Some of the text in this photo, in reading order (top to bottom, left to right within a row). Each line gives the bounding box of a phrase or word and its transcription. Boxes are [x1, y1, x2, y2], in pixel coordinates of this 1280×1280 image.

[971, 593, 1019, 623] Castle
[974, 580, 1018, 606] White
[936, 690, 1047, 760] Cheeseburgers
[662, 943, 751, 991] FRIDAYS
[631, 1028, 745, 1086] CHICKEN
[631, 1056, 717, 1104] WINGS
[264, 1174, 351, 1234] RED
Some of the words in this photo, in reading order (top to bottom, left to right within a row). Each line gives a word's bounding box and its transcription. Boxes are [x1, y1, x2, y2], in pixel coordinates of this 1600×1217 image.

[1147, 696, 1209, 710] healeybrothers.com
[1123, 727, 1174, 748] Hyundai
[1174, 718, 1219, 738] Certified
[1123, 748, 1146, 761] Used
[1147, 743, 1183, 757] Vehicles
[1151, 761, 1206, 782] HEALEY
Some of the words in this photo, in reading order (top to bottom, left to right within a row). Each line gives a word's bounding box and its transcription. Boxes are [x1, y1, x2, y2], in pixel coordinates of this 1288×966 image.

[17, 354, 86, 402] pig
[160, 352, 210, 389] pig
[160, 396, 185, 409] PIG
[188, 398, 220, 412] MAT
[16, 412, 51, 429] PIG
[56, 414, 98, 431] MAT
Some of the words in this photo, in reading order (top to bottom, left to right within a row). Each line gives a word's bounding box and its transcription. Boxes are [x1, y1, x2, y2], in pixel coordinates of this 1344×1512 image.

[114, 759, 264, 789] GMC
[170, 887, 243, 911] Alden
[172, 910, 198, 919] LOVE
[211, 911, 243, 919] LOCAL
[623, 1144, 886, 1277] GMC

┄┄┄┄┄┄

→ WORK TO BE COMPLETED
In the entries above, find the line with "this 1600×1217 image.", then retype it and every line after it exactly.

→ ANSWER FOR THE TASK
Some of the words in this photo, in reading order (top to bottom, left to right within a row). Each line gives a word's bounding box and its transcription. Boxes are [x1, y1, x2, y2], in pixel coordinates of this 1600×1217 image.

[1147, 696, 1209, 710] healeybrothers.com
[1123, 727, 1174, 748] Hyundai
[1174, 718, 1219, 738] Certified
[1123, 748, 1146, 761] Used
[1147, 743, 1183, 757] Vehicles
[1151, 761, 1206, 782] HEALEY
Some of the words in this photo, in reading order (top to bottom, left to right within a row). Each line gives a word's bounding box and its transcription. Boxes are [x1, y1, x2, y2], in pixel coordinates of this 1288×966 image.

[17, 354, 86, 402] pig
[160, 352, 210, 389] pig
[160, 396, 185, 409] PIG
[188, 398, 220, 412] MAT
[16, 412, 51, 429] PIG
[56, 414, 98, 431] MAT
Some of the words in this photo, in reading order (top to bottom, left to right within a row). Each line gives a word's bounding box and its transcription. Boxes are [x1, y1, x2, y2], in pixel coordinates of this 1344×1512 image.

[114, 759, 264, 789] GMC
[170, 887, 243, 911] Alden
[172, 910, 198, 919] LOVE
[211, 911, 243, 919] LOCAL
[623, 1144, 886, 1277] GMC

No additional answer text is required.